(Text-to-region grounding data)
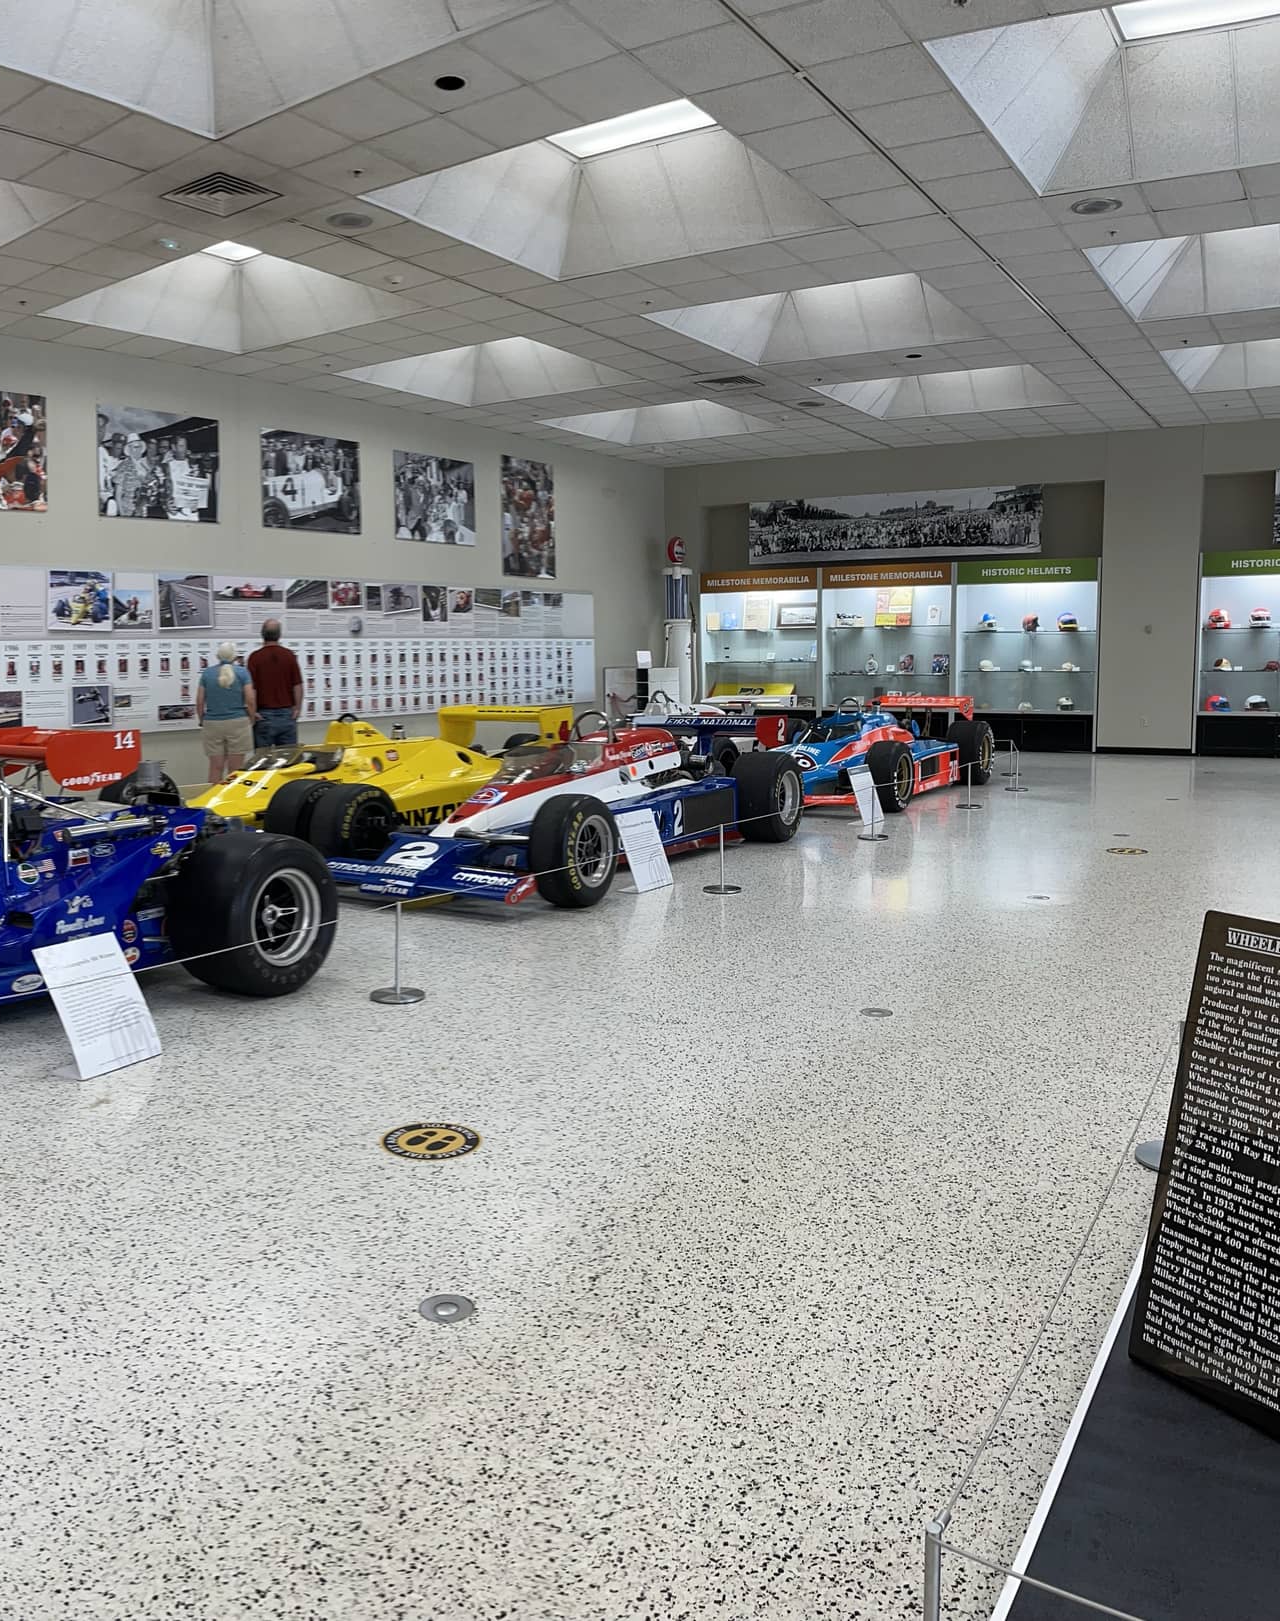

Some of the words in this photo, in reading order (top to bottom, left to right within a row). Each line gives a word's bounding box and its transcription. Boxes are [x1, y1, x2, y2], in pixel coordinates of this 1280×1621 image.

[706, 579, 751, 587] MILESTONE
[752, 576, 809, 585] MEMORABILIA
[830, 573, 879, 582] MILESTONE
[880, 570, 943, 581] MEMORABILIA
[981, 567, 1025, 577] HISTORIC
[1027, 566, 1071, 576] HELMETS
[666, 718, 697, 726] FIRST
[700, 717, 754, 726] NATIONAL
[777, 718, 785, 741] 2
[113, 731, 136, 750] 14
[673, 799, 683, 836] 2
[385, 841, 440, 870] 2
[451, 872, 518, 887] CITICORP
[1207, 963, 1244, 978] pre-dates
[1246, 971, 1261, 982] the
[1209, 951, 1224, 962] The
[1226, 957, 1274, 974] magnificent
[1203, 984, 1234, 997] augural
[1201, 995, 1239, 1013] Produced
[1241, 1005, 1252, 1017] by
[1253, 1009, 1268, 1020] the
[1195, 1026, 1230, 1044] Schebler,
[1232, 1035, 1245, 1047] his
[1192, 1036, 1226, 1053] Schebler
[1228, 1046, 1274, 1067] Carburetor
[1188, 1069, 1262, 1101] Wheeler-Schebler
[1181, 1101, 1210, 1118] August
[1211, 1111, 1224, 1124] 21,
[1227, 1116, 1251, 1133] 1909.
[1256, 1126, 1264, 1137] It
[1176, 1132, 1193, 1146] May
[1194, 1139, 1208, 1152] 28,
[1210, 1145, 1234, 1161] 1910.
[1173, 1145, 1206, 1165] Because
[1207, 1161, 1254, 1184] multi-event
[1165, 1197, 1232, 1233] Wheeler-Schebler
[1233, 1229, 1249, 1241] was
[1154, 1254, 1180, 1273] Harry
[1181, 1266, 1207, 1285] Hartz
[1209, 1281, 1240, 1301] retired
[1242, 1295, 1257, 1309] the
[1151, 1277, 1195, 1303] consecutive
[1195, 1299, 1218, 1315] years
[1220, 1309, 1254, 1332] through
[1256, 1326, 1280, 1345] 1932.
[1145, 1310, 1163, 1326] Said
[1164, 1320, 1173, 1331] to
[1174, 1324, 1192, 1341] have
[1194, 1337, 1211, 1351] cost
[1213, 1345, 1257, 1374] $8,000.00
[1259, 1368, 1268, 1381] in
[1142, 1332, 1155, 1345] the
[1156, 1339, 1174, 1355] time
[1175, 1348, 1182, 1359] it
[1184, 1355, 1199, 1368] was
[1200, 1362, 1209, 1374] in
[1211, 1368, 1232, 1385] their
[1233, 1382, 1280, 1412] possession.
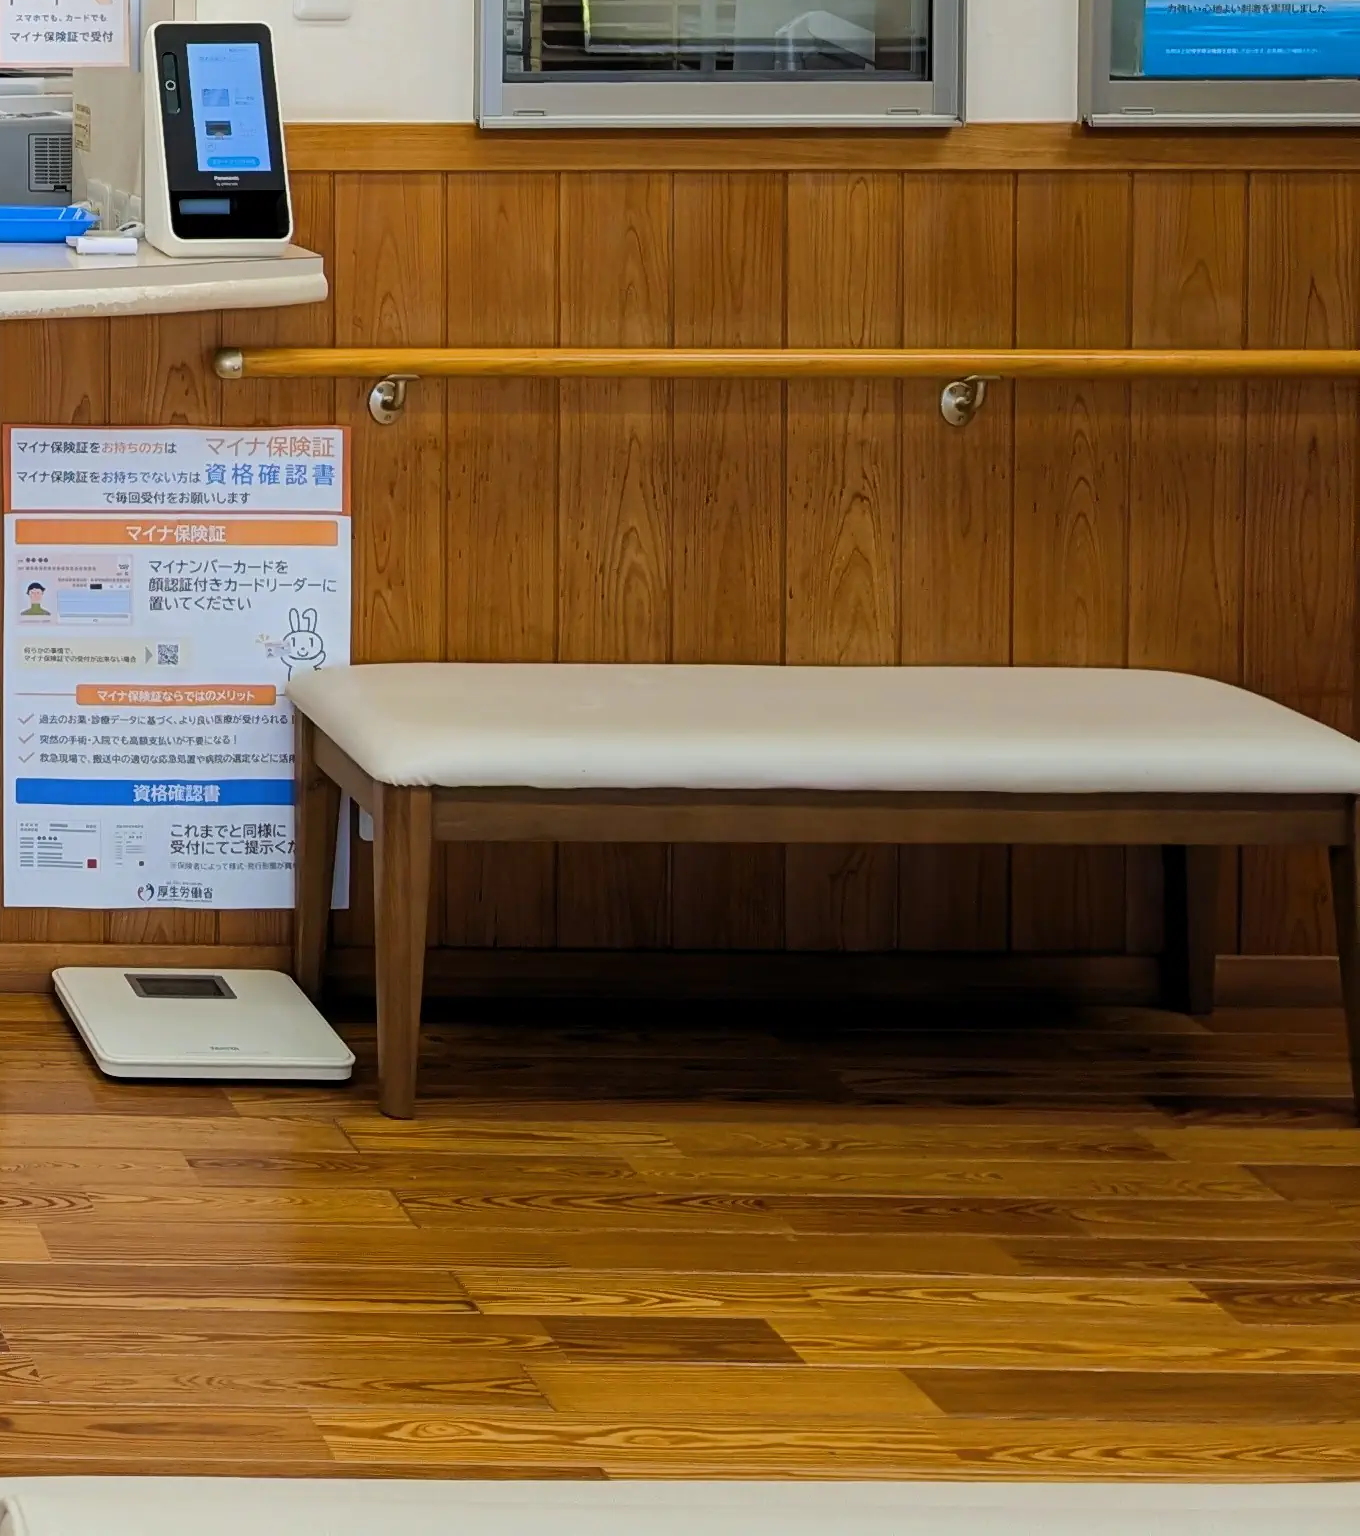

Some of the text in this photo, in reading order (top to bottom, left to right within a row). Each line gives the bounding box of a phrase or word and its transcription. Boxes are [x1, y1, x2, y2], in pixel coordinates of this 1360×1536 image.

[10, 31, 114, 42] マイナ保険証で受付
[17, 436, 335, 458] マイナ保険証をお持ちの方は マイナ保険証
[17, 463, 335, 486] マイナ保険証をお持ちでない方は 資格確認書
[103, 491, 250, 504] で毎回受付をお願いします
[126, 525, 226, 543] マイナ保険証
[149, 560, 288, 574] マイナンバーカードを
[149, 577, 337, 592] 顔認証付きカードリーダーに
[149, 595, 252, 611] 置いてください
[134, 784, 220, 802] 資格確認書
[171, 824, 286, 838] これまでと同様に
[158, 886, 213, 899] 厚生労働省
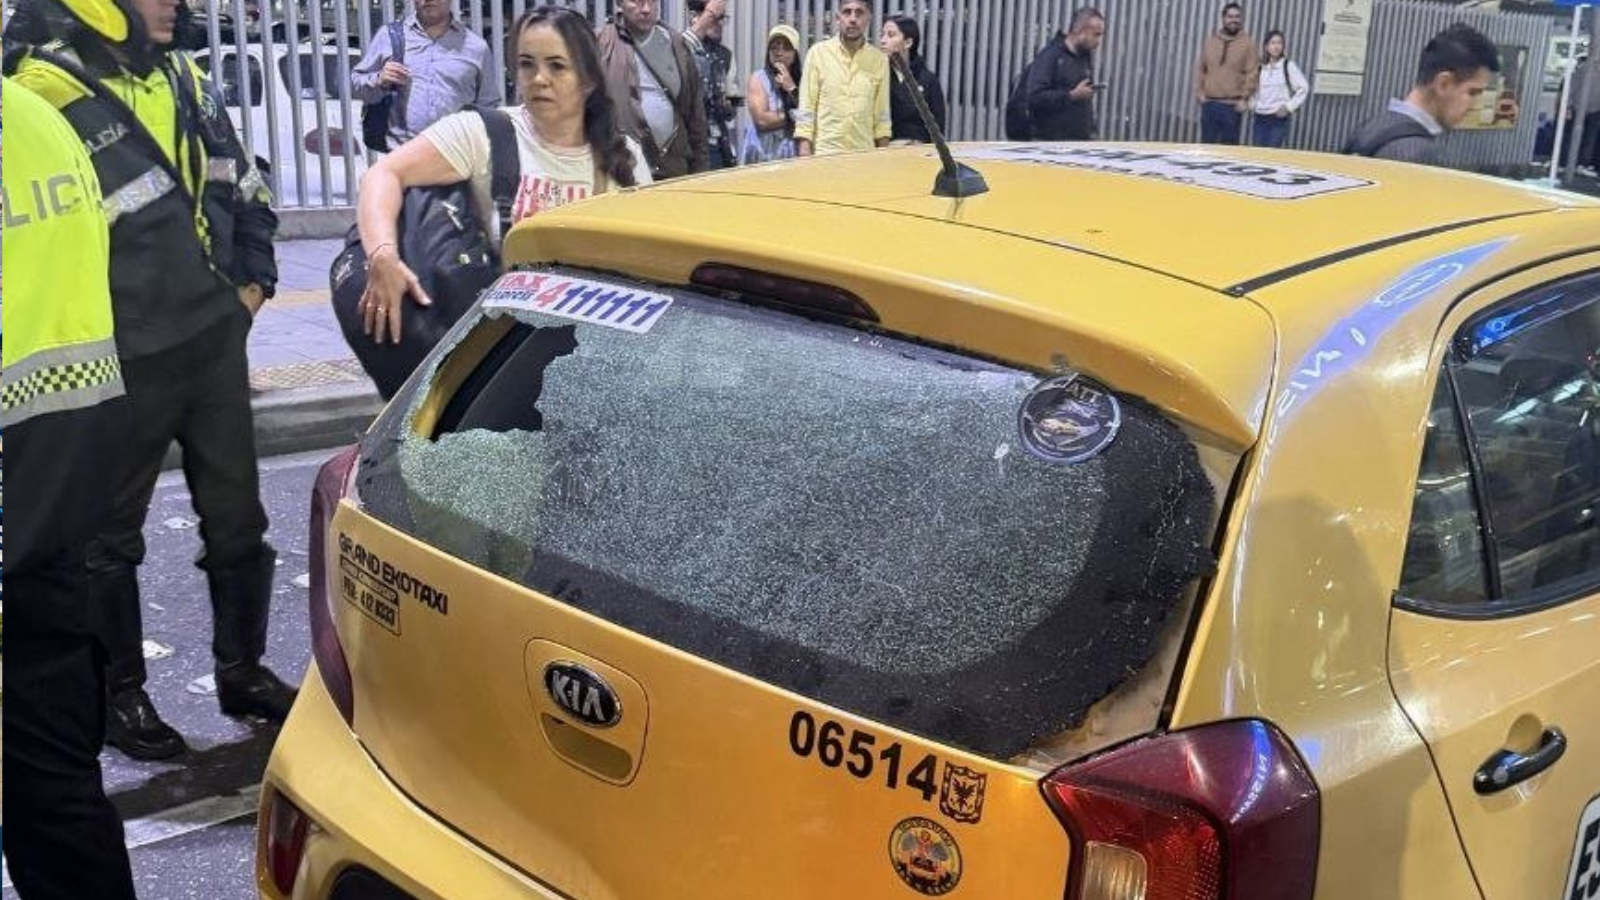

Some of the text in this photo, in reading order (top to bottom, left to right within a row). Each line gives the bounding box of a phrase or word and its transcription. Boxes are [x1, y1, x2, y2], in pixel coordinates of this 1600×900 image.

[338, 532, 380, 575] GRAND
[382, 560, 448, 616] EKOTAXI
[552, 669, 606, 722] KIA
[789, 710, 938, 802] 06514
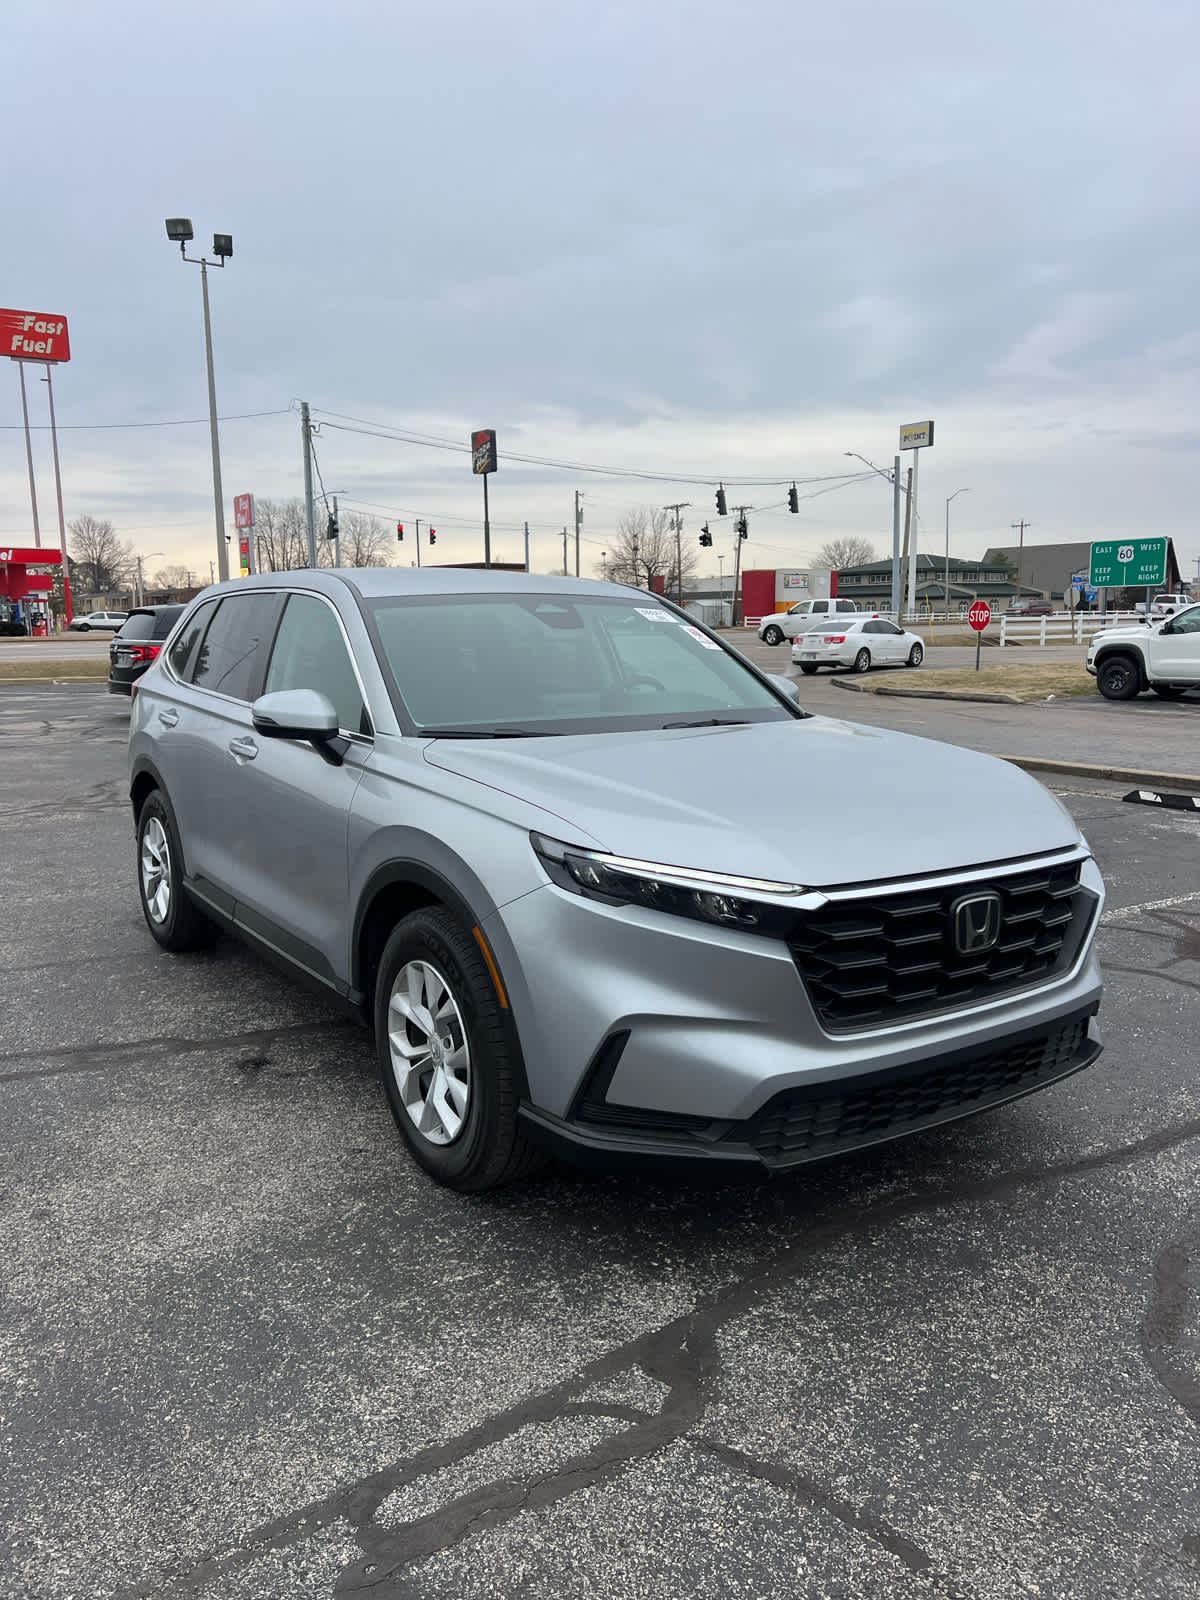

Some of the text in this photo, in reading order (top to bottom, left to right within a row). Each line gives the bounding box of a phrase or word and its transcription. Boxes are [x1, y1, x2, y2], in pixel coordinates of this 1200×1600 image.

EXERCISE BRIEF =
From the first line to the last, retype the data exactly, without images.

REPLY =
Some of the words in this photo, in reading order (top to bottom, left to right within a row). Each line gives a word's bounding box and its transcription. Boxes are [x1, y1, x2, y2], in pixel coordinates of this 1280×1621 image.

[706, 579, 751, 587] MILESTONE
[752, 576, 809, 585] MEMORABILIA
[830, 573, 879, 582] MILESTONE
[880, 570, 943, 581] MEMORABILIA
[981, 567, 1025, 577] HISTORIC
[1027, 566, 1071, 576] HELMETS
[666, 718, 697, 726] FIRST
[700, 717, 754, 726] NATIONAL
[777, 718, 785, 741] 2
[113, 731, 136, 750] 14
[673, 799, 683, 836] 2
[385, 841, 440, 870] 2
[451, 872, 518, 887] CITICORP
[1207, 963, 1244, 978] pre-dates
[1246, 971, 1261, 982] the
[1209, 951, 1224, 962] The
[1226, 957, 1274, 974] magnificent
[1203, 984, 1234, 997] augural
[1201, 995, 1239, 1013] Produced
[1241, 1005, 1252, 1017] by
[1253, 1009, 1268, 1020] the
[1195, 1026, 1230, 1044] Schebler,
[1232, 1035, 1245, 1047] his
[1192, 1036, 1226, 1053] Schebler
[1228, 1046, 1274, 1067] Carburetor
[1188, 1069, 1262, 1101] Wheeler-Schebler
[1181, 1101, 1210, 1118] August
[1211, 1111, 1224, 1124] 21,
[1227, 1116, 1251, 1133] 1909.
[1256, 1126, 1264, 1137] It
[1176, 1132, 1193, 1146] May
[1194, 1139, 1208, 1152] 28,
[1210, 1145, 1234, 1161] 1910.
[1173, 1145, 1206, 1165] Because
[1207, 1161, 1254, 1184] multi-event
[1165, 1197, 1232, 1233] Wheeler-Schebler
[1233, 1229, 1249, 1241] was
[1154, 1254, 1180, 1273] Harry
[1181, 1266, 1207, 1285] Hartz
[1209, 1281, 1240, 1301] retired
[1242, 1295, 1257, 1309] the
[1151, 1277, 1195, 1303] consecutive
[1195, 1299, 1218, 1315] years
[1220, 1309, 1254, 1332] through
[1256, 1326, 1280, 1345] 1932.
[1145, 1310, 1163, 1326] Said
[1164, 1320, 1173, 1331] to
[1174, 1324, 1192, 1341] have
[1194, 1337, 1211, 1351] cost
[1213, 1345, 1257, 1374] $8,000.00
[1259, 1368, 1268, 1381] in
[1142, 1332, 1155, 1345] the
[1156, 1339, 1174, 1355] time
[1175, 1348, 1182, 1359] it
[1184, 1355, 1199, 1368] was
[1200, 1362, 1209, 1374] in
[1211, 1368, 1232, 1385] their
[1233, 1382, 1280, 1412] possession.

Some of the text in this photo, in reading order (top to bottom, left to right within a row). Each line gives the bounding box of a phrase or word and its transcription. Boxes are [x1, y1, x2, y2], in pixel coordinates of this 1360×1536 image.

[10, 31, 114, 42] マイナ保険証で受付
[17, 436, 335, 458] マイナ保険証をお持ちの方は マイナ保険証
[17, 463, 335, 486] マイナ保険証をお持ちでない方は 資格確認書
[103, 491, 250, 504] で毎回受付をお願いします
[126, 525, 226, 543] マイナ保険証
[149, 560, 288, 574] マイナンバーカードを
[149, 577, 337, 592] 顔認証付きカードリーダーに
[149, 595, 252, 611] 置いてください
[134, 784, 220, 802] 資格確認書
[171, 824, 286, 838] これまでと同様に
[158, 886, 213, 899] 厚生労働省

Some of the text in this photo, in reading order (top to bottom, left to right within a row). Each line gives the bounding box of a phrase or word and its transcription. Boxes are [x1, y1, x2, y2], in pixel coordinates of this 1600×900 image.

[338, 532, 380, 575] GRAND
[382, 560, 448, 616] EKOTAXI
[552, 669, 606, 722] KIA
[789, 710, 938, 802] 06514

Some of the text in this photo, in reading order (top to bottom, left to right within a row). Each line gives the bounding box of a phrase or word and its transcription. Boxes are [x1, y1, x2, y2], in pixel coordinates of this 1200×1600 image.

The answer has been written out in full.